#### [EXERCISE]
The entries are to be output once more, word for word.
*** ENTRIES SHOWN ***
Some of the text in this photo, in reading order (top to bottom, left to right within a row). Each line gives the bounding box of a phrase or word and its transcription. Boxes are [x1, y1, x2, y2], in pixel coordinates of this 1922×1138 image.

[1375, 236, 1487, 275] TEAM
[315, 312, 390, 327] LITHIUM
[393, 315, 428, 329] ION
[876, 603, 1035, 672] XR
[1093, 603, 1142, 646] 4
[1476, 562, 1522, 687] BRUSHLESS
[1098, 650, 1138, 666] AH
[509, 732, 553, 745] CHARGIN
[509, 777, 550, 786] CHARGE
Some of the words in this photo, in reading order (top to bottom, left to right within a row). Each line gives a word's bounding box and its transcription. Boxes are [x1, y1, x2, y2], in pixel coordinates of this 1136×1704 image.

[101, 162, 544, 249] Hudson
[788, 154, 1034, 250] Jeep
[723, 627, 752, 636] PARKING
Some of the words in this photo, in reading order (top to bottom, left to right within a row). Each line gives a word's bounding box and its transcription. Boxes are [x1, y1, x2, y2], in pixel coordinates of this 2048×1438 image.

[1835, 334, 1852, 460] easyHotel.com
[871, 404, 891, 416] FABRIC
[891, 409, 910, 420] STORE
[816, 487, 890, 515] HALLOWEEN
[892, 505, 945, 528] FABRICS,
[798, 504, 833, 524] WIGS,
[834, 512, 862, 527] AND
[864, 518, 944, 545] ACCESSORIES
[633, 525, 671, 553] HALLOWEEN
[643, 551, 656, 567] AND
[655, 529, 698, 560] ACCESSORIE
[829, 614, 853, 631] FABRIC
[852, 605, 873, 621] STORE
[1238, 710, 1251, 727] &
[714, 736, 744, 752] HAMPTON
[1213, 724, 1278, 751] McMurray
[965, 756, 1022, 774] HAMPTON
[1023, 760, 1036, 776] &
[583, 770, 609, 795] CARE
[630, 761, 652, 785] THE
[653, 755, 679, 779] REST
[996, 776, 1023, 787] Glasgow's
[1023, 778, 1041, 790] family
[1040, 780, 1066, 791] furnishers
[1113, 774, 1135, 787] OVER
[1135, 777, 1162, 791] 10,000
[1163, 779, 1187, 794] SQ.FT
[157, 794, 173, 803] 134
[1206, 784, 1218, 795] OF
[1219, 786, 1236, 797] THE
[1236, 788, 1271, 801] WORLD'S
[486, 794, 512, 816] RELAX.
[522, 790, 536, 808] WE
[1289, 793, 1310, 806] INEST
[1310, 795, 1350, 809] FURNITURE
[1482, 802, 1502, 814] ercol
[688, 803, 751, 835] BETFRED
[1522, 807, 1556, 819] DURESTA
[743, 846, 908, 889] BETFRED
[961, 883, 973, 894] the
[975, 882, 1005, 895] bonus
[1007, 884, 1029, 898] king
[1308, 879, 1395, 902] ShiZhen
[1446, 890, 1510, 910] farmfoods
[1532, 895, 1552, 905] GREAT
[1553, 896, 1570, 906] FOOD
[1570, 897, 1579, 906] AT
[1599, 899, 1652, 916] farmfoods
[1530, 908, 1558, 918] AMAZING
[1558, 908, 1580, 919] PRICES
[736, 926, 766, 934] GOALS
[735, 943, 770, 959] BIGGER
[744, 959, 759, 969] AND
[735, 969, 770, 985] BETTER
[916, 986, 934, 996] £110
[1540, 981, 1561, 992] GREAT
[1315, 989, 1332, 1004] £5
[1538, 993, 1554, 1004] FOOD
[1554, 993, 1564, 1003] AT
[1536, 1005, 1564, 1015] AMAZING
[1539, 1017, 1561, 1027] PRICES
***
#### [EXPECTED ANSWER]
Some of the text in this photo, in reading order (top to bottom, left to right within a row). Each line gives the bounding box of a phrase or word and its transcription. Boxes are [x1, y1, x2, y2], in pixel coordinates of this 1922×1138 image.

[1375, 236, 1487, 275] TEAM
[315, 312, 390, 327] LITHIUM
[393, 315, 428, 329] ION
[876, 603, 1035, 672] XR
[1093, 603, 1142, 646] 4
[1476, 562, 1522, 687] BRUSHLESS
[1098, 650, 1138, 666] AH
[509, 732, 553, 745] CHARGIN
[509, 777, 550, 786] CHARGE
Some of the words in this photo, in reading order (top to bottom, left to right within a row). Each line gives a word's bounding box and its transcription. Boxes are [x1, y1, x2, y2], in pixel coordinates of this 1136×1704 image.

[101, 162, 544, 249] Hudson
[788, 154, 1034, 250] Jeep
[723, 627, 752, 636] PARKING
Some of the words in this photo, in reading order (top to bottom, left to right within a row). Each line gives a word's bounding box and its transcription. Boxes are [x1, y1, x2, y2], in pixel coordinates of this 2048×1438 image.

[1835, 334, 1852, 460] easyHotel.com
[871, 404, 891, 416] FABRIC
[891, 409, 910, 420] STORE
[816, 487, 890, 515] HALLOWEEN
[892, 505, 945, 528] FABRICS,
[798, 504, 833, 524] WIGS,
[834, 512, 862, 527] AND
[864, 518, 944, 545] ACCESSORIES
[633, 525, 671, 553] HALLOWEEN
[643, 551, 656, 567] AND
[655, 529, 698, 560] ACCESSORIE
[829, 614, 853, 631] FABRIC
[852, 605, 873, 621] STORE
[1238, 710, 1251, 727] &
[714, 736, 744, 752] HAMPTON
[1213, 724, 1278, 751] McMurray
[965, 756, 1022, 774] HAMPTON
[1023, 760, 1036, 776] &
[583, 770, 609, 795] CARE
[630, 761, 652, 785] THE
[653, 755, 679, 779] REST
[996, 776, 1023, 787] Glasgow's
[1023, 778, 1041, 790] family
[1040, 780, 1066, 791] furnishers
[1113, 774, 1135, 787] OVER
[1135, 777, 1162, 791] 10,000
[1163, 779, 1187, 794] SQ.FT
[157, 794, 173, 803] 134
[1206, 784, 1218, 795] OF
[1219, 786, 1236, 797] THE
[1236, 788, 1271, 801] WORLD'S
[486, 794, 512, 816] RELAX.
[522, 790, 536, 808] WE
[1289, 793, 1310, 806] INEST
[1310, 795, 1350, 809] FURNITURE
[1482, 802, 1502, 814] ercol
[688, 803, 751, 835] BETFRED
[1522, 807, 1556, 819] DURESTA
[743, 846, 908, 889] BETFRED
[961, 883, 973, 894] the
[975, 882, 1005, 895] bonus
[1007, 884, 1029, 898] king
[1308, 879, 1395, 902] ShiZhen
[1446, 890, 1510, 910] farmfoods
[1532, 895, 1552, 905] GREAT
[1553, 896, 1570, 906] FOOD
[1570, 897, 1579, 906] AT
[1599, 899, 1652, 916] farmfoods
[1530, 908, 1558, 918] AMAZING
[1558, 908, 1580, 919] PRICES
[736, 926, 766, 934] GOALS
[735, 943, 770, 959] BIGGER
[744, 959, 759, 969] AND
[735, 969, 770, 985] BETTER
[916, 986, 934, 996] £110
[1540, 981, 1561, 992] GREAT
[1315, 989, 1332, 1004] £5
[1538, 993, 1554, 1004] FOOD
[1554, 993, 1564, 1003] AT
[1536, 1005, 1564, 1015] AMAZING
[1539, 1017, 1561, 1027] PRICES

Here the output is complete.